Nexus between Vedic Scripture and Knowledge Creation Process in Vedic Philosophy
DOI:
https://doi.org/10.3126/ijmss.v6i1.75380Keywords:
Inference, knowledge creation, perception, scripturesAbstract
This article investigates the traces of Vedic and Vedantic claims of the source, origin, and processes involved in the creation of knowledge. This paper argues that perceptive experience, intuitive inference, and the testimony of the Vedas form the primary epistemology of transcendental knowledge. To examine this argument, it draws on the qualitative data pooled from an array of texts like the Vedic hymns, Upanishadic knowledge, the Bhagavad Gita, and the various critical comments on the Vedas as theoretical/conceptual tools. With the ascendancy of the Puranic age, mythology becomes prominent, overshadowing the Vedic epistemology of Shruti Parampara.
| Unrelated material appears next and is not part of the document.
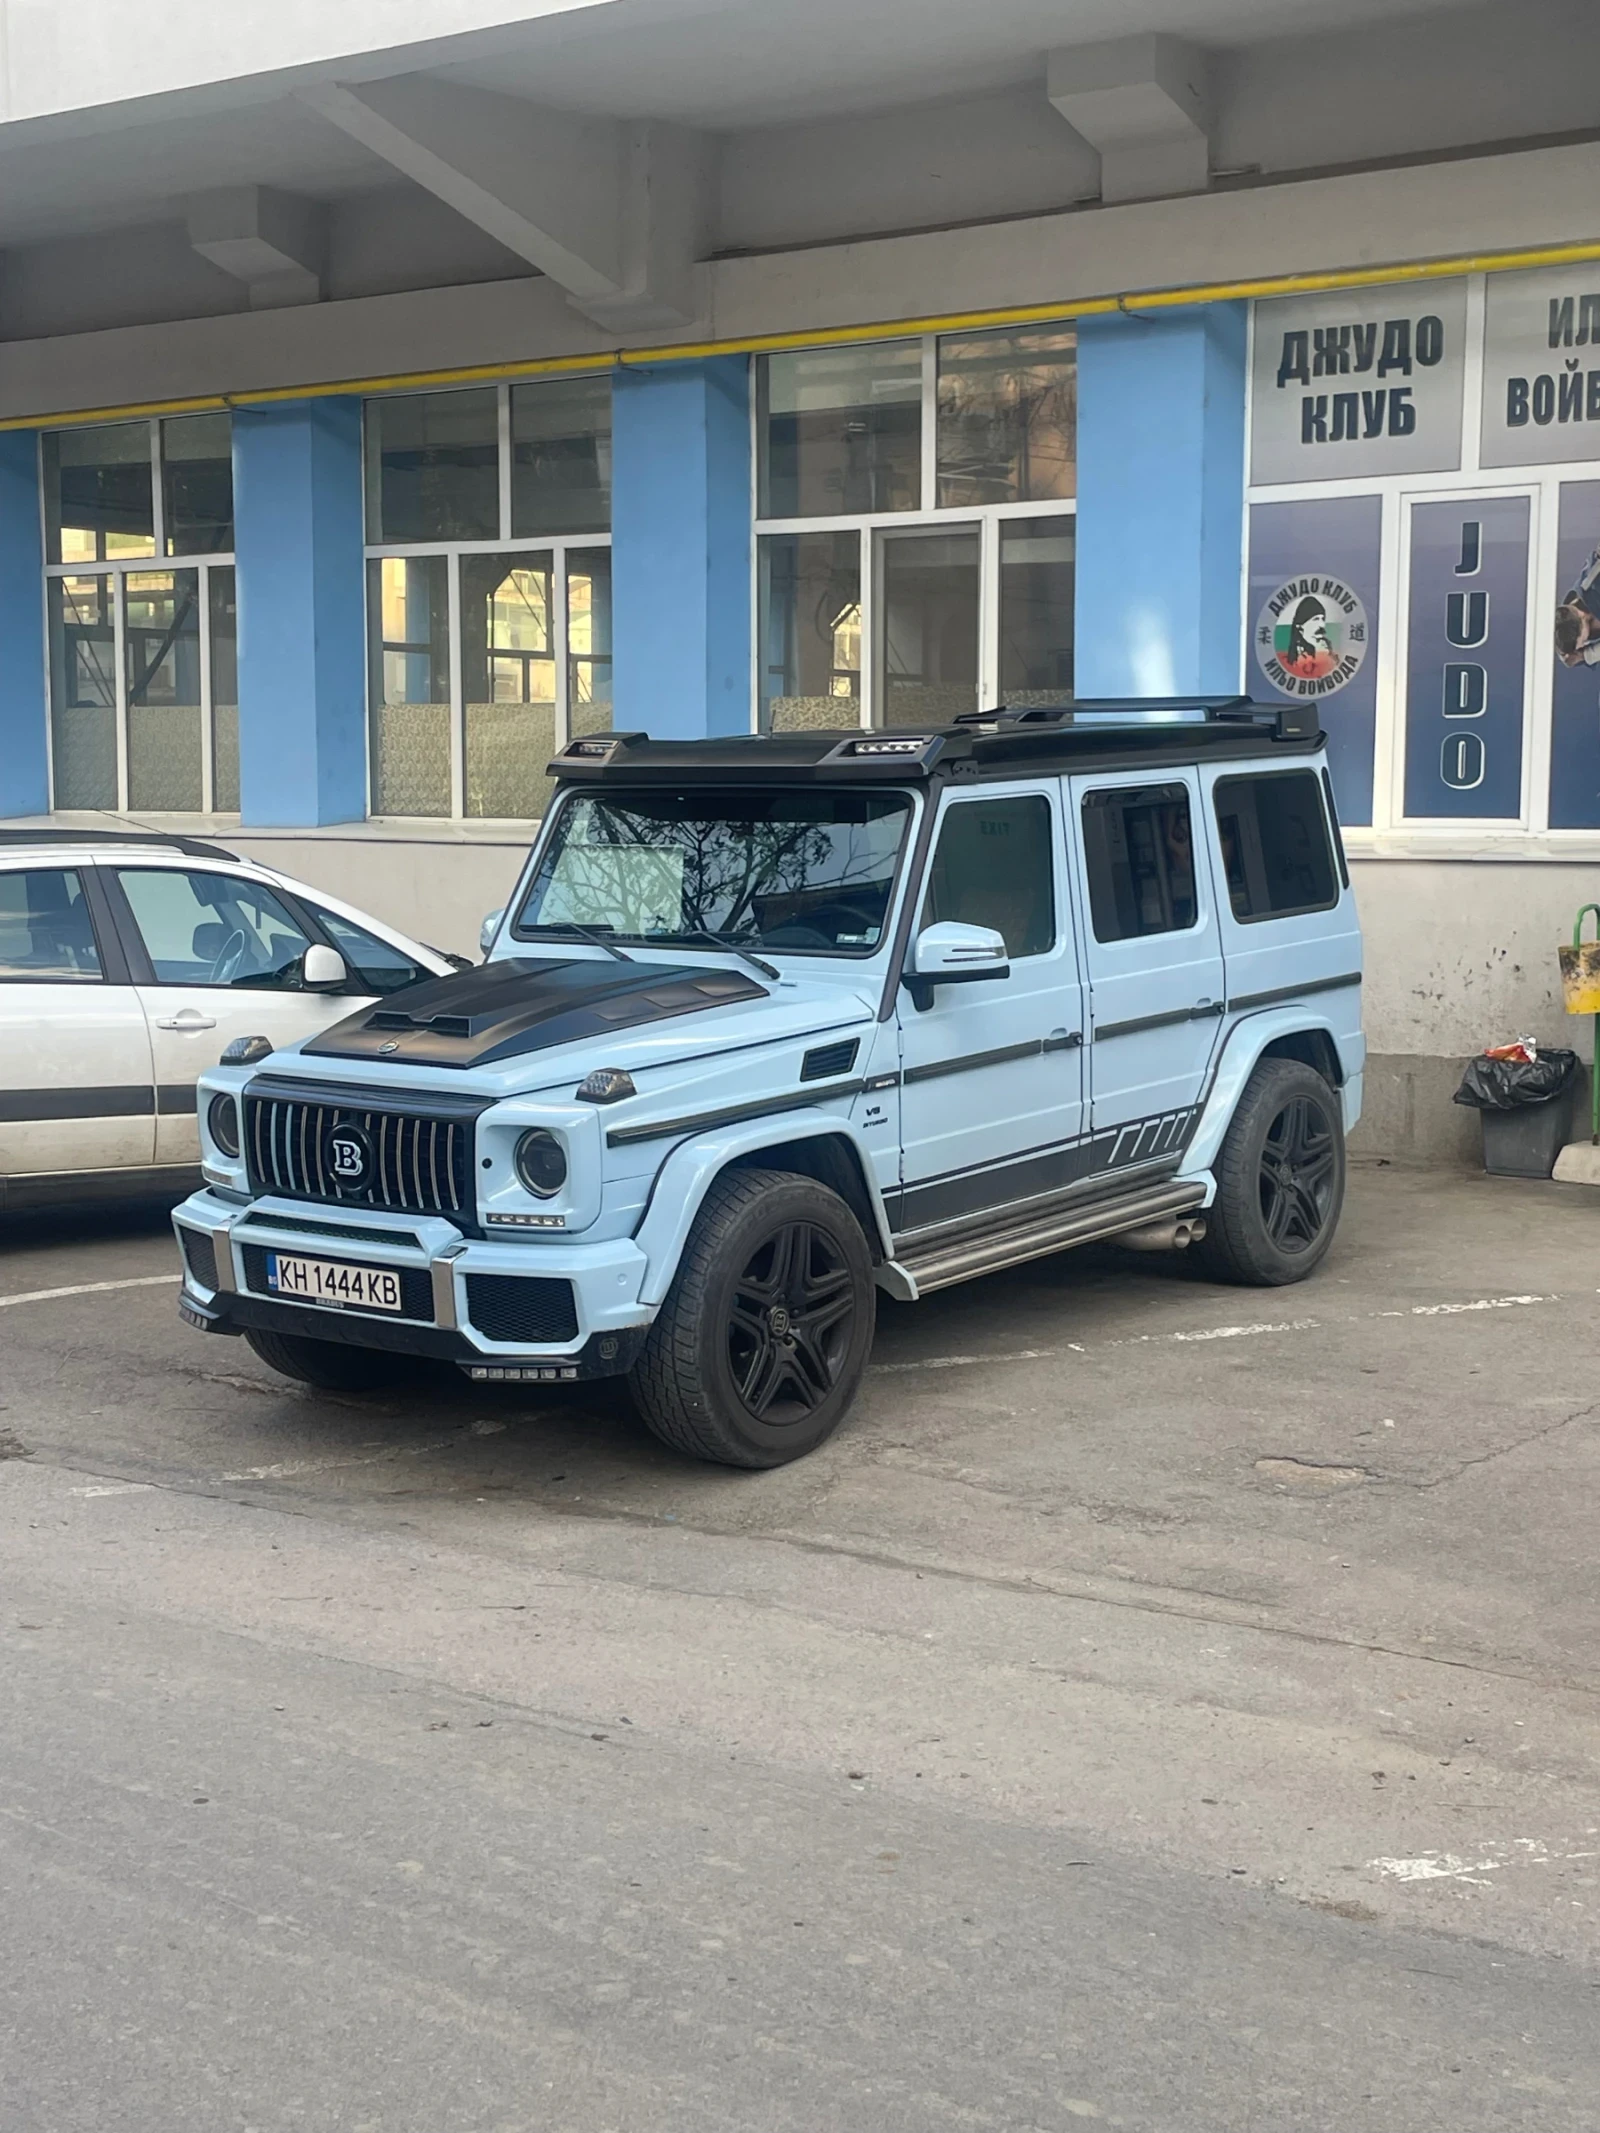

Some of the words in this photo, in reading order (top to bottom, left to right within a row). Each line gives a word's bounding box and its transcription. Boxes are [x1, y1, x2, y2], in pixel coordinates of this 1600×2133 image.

Against this background, this article answers the problem of how the Vedanta, one of the most dominant worldviews of six systems of Eastern philosophy propounded by Shankara, examines the process of acquiring spiritual knowledge to attain the level of super-consciousness necessary to create valid knowledge. By problematizing the mythical conception of knowledge tradition as developed in the Puranic age, this study explores the steps of generating knowledge in the light of Shankar Vedanta and the Vedic tradition. Taking a lead from this cue, it concludes that consciousness, inference, and textual testimony of scriptural texts are integral components and valid processes of spiritual enlightenment.